By Leah Vincent (Huffington Post)
May 7, 2012
Yoelly Twersky* grew up in the Hasidic community of Williamsburg, Brooklyn. His father wore a sleek fur hat, and his mother smelled of vegetable soup and rugalach. When Yoelly started eighth grade, his new teacher seemed to take an immediate dislike to him, striking him almost every morning.
"I thought the teacher knew what was best," Yoelly says, thinking back. "Physical punishment was normal in my school, and I figured it had to be that I deserved it."
Six months into the year, his teacher called him into the school's boiler closet. In that dark dank room, the teacher pulled down both their pants, and raped the little boy.
"I was screaming the whole time," Yoelly recalls. "When he finished, he went back to the classroom and I stayed where I was, in shock, gushing blood."
Hasidic children are not given sexual education and Yoelly had no words to describe the rape that continued to occur for the remainder of the school year.
For Yoelly, those awful days were not the worst of it. A few months later, he found the courage to tell his father what had happened. His father slapped him and told him never to mention such immodest things again.
"That day was the worst day of my life," Yoelly says. "I realized that I was all alone. There was nobody to keep me safe."
The teacher who raped Yoelly still teaches at that school. As an adult, haunted by the thought that other children were enduring what he had, Yoelly sought a private audience with the grand Rebbe, or leader, of his Hasidic sect, to discuss the issue. After he told the Rebbe what had happened, the Rebbe turned to his personal assistant.
"He's a shaigetz," the Rebbe said, using a derogatory slur for a non-Jew. "Get him out of here." Yoelly was hustled out of the room with threats of violence.
My story is different. I was the fifth of 11 children in a non-Hasidic ultra-Orthodox family. As a teenager, I realized I didn't want to be as religious as my family.
"I want to go to college," I told my mother.
"We'll have you locked up!" she thundered at me in reply. My parents consulted with rabbinic leaders and by the age of 16, I was ostracized, and shortly thereafter, left to fend for myself on the streets of New York. I found an apartment and a minimum wage job, and learned to call a handful of ketchup dinner. Some days, when I couldn't afford the subway token, I walked from Brooklyn to my job in Manhattan. But the terror of my parent's abandonment and my community's rejection was worse than any poverty. Naive and alone, it wasn't long before I was found by people quick to take advantage of me.
When Ari Mandel thinks about his vulnerability as a religious child in Monsey, N.Y., it isn't abuse or neglect that jumps out at him, as much as math class -- or the lack thereof.
"As an 11-year-old, I was in school from 7:30 in the morning until 4 in the afternoon, studying religious texts.
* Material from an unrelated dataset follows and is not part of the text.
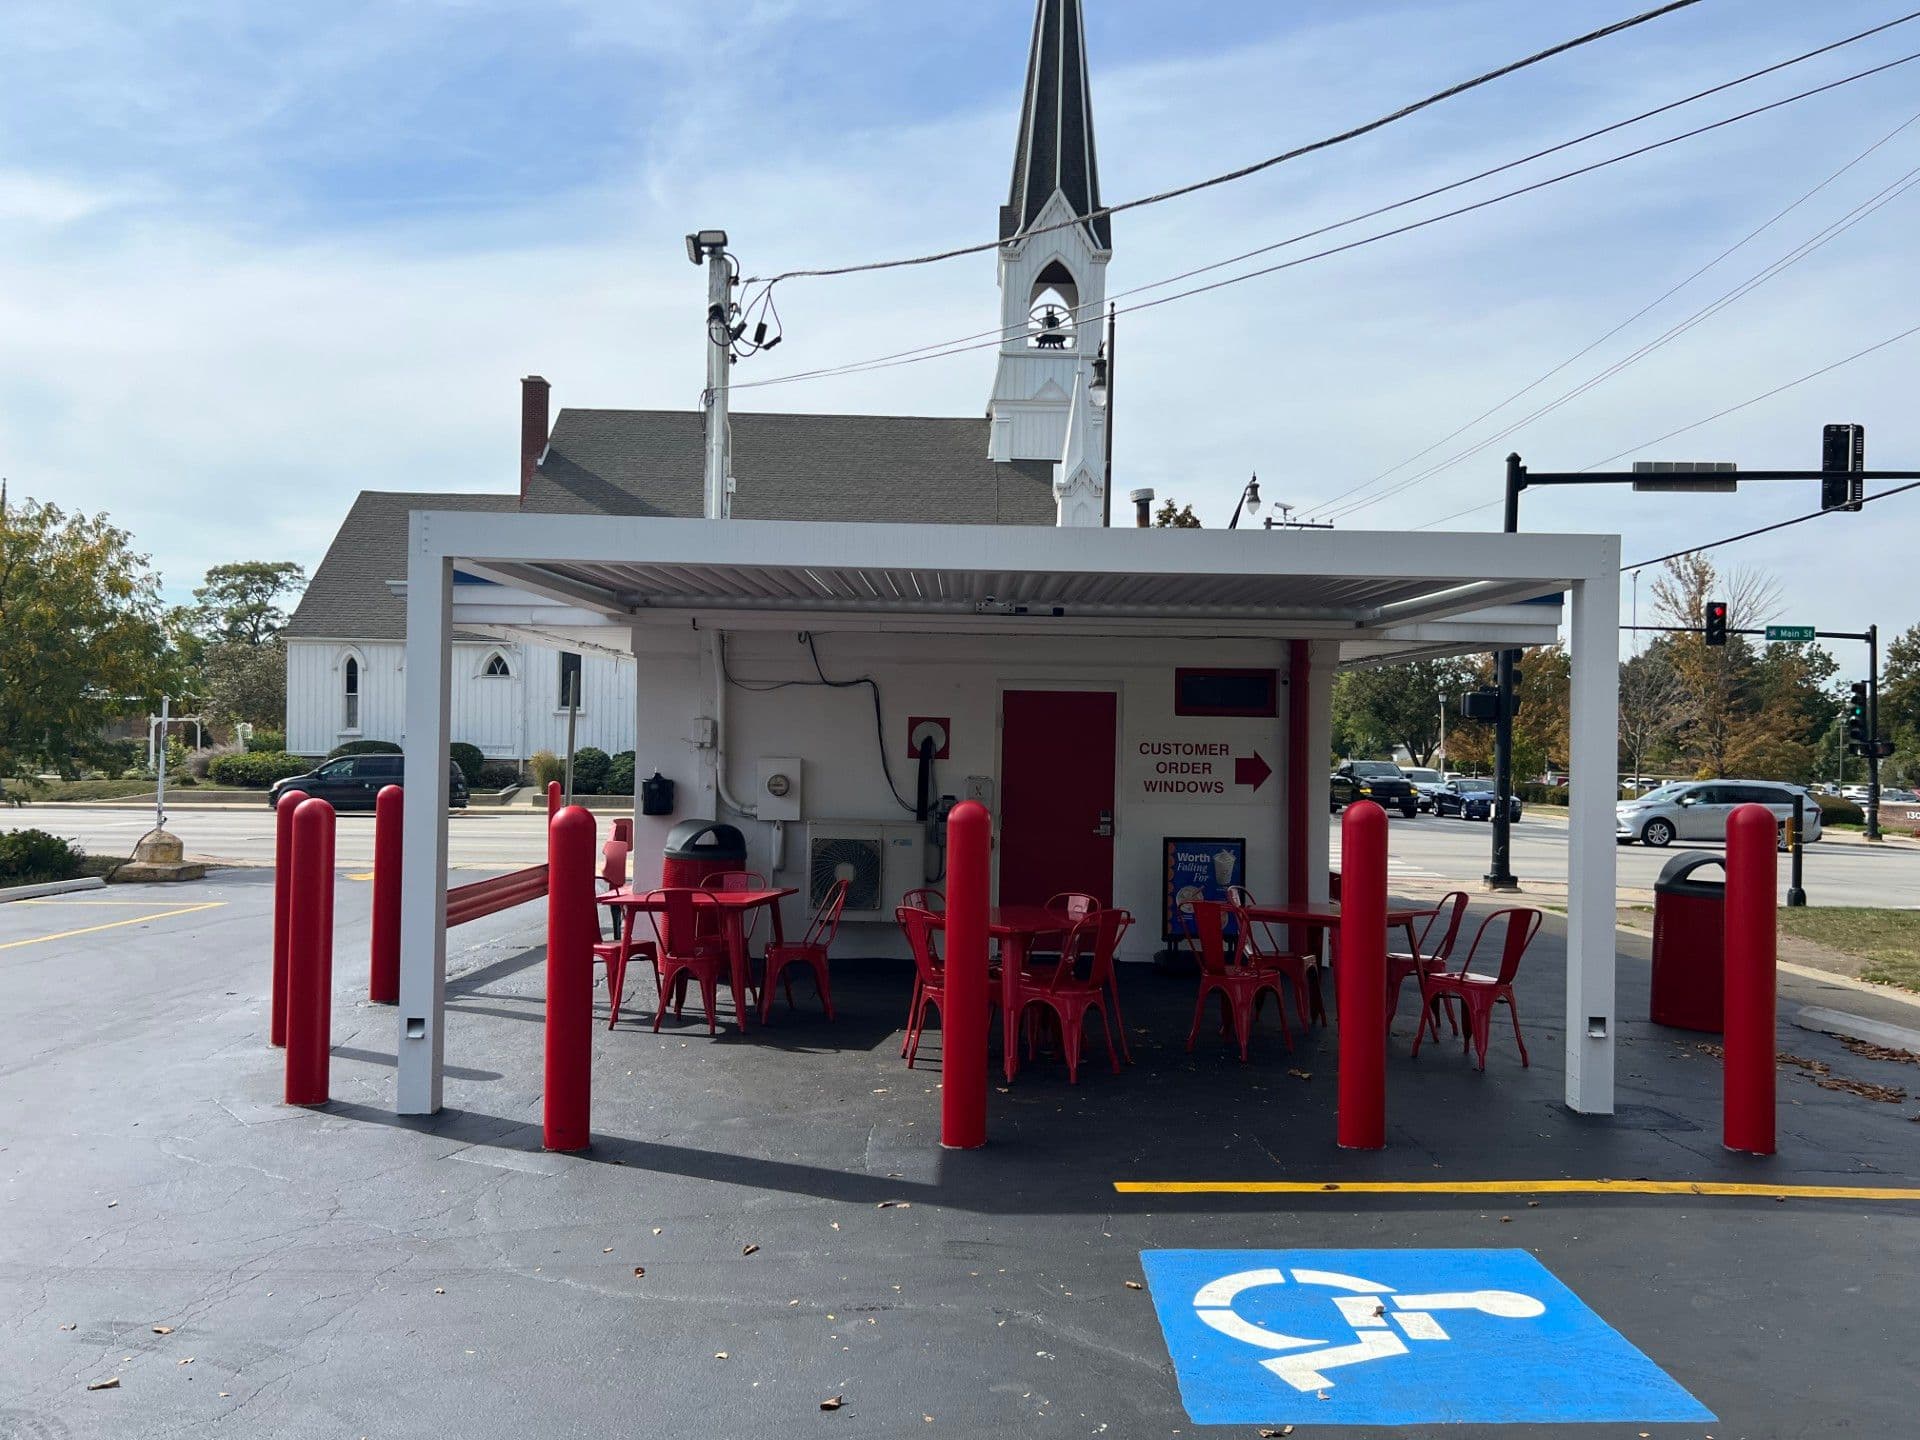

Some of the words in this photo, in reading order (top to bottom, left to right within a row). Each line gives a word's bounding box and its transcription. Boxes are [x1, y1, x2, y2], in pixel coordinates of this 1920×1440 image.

We had 'English' from 4 until 6 at night, but the class was treated like recess, and after a long day of learning, we had no patience to sit in our seats."
At the age of 12 Ari was sent to yeshiva where he studied religious texts exclusively. That was the end of his secular education.
"When I got married at 18, we had to sign up for Food Stamps and Medicaid," Ari says. "I thought credit cards were free money and racked up thousands of dollars of credit card debt. I couldn't do basic multiplication or division and my English vocabulary was hugely limited."
Ari went on to earn a GED by himself, at the age of 24, so he could join the U.S. Army, but he still can't sign his own name in cursive and only gained a basic grasp of geography as he was stationed around the globe.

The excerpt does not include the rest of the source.